* Task to complete
Print out the data exactly, keeping every image out of it.

* The data
^^^^^^^^^^^^^^^^

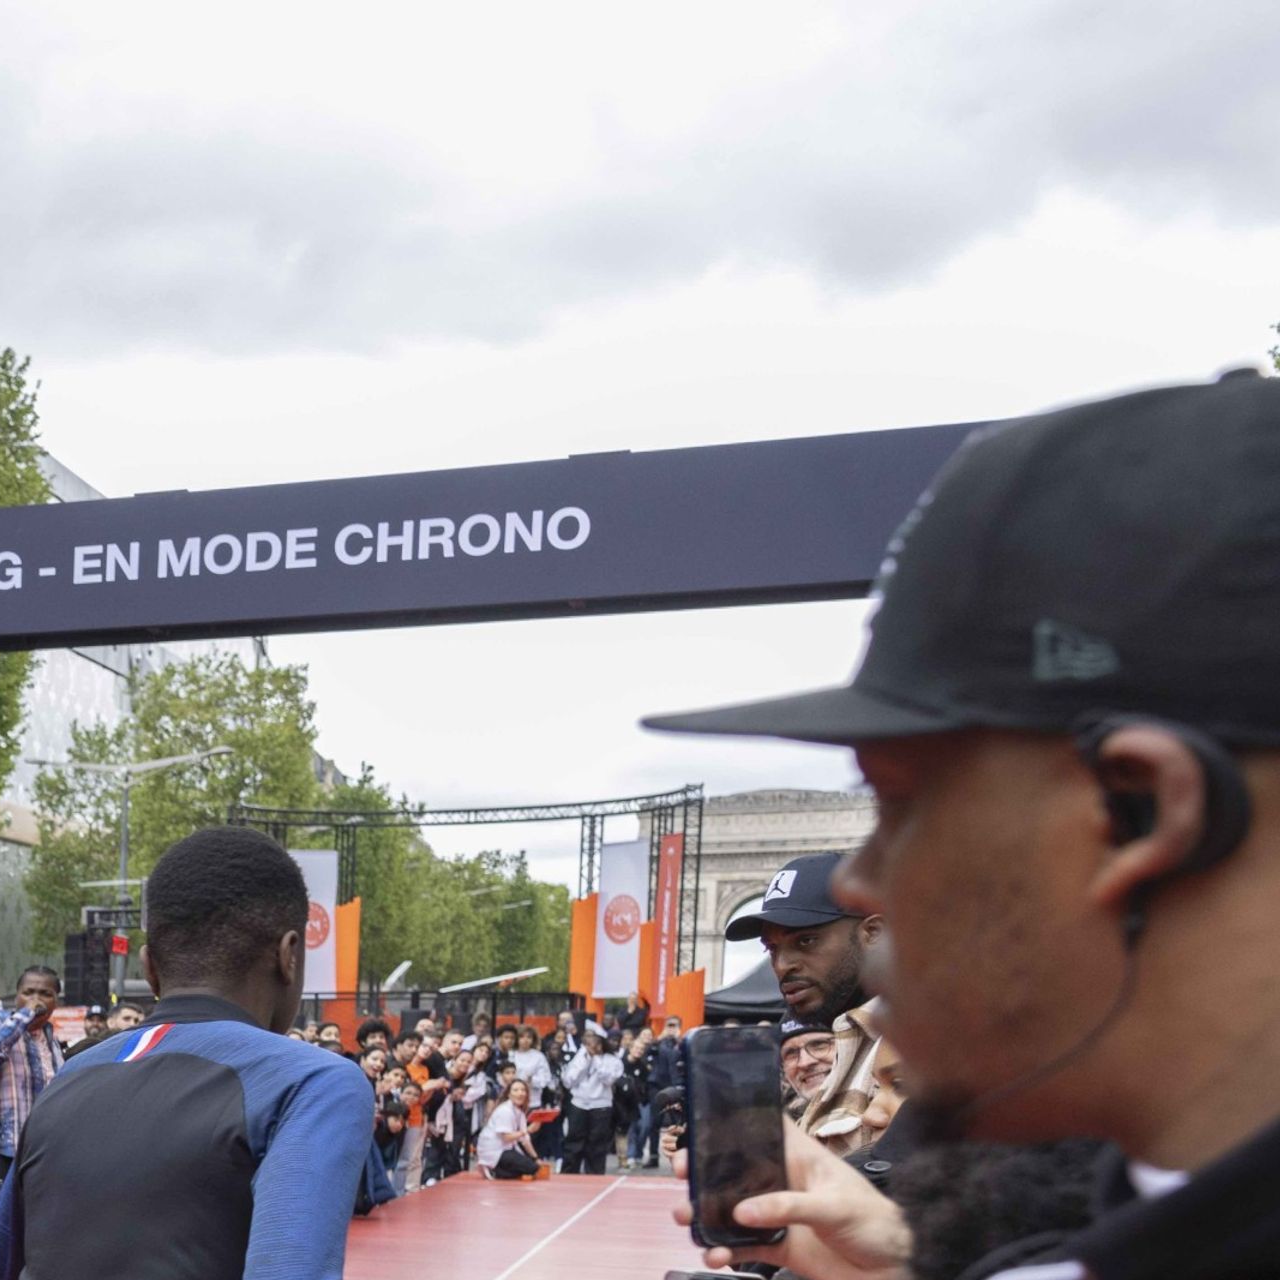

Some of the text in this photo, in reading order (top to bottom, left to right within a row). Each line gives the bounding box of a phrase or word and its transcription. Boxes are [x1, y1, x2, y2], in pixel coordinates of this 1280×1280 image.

[38, 566, 57, 577] -
[73, 541, 140, 585] EN
[158, 527, 319, 578] MODE
[334, 506, 591, 566] CHRONO

^^^^^^^^^^^^^^^^

* Written response
Some of the text in this photo, in reading order (top to bottom, left to right within a row). Each line gives the bounding box of a phrase or word and its transcription. Boxes are [x1, y1, x2, y2], in pixel coordinates of this 1280×1280 image.

[38, 566, 57, 577] -
[73, 541, 140, 585] EN
[158, 527, 319, 578] MODE
[334, 506, 591, 566] CHRONO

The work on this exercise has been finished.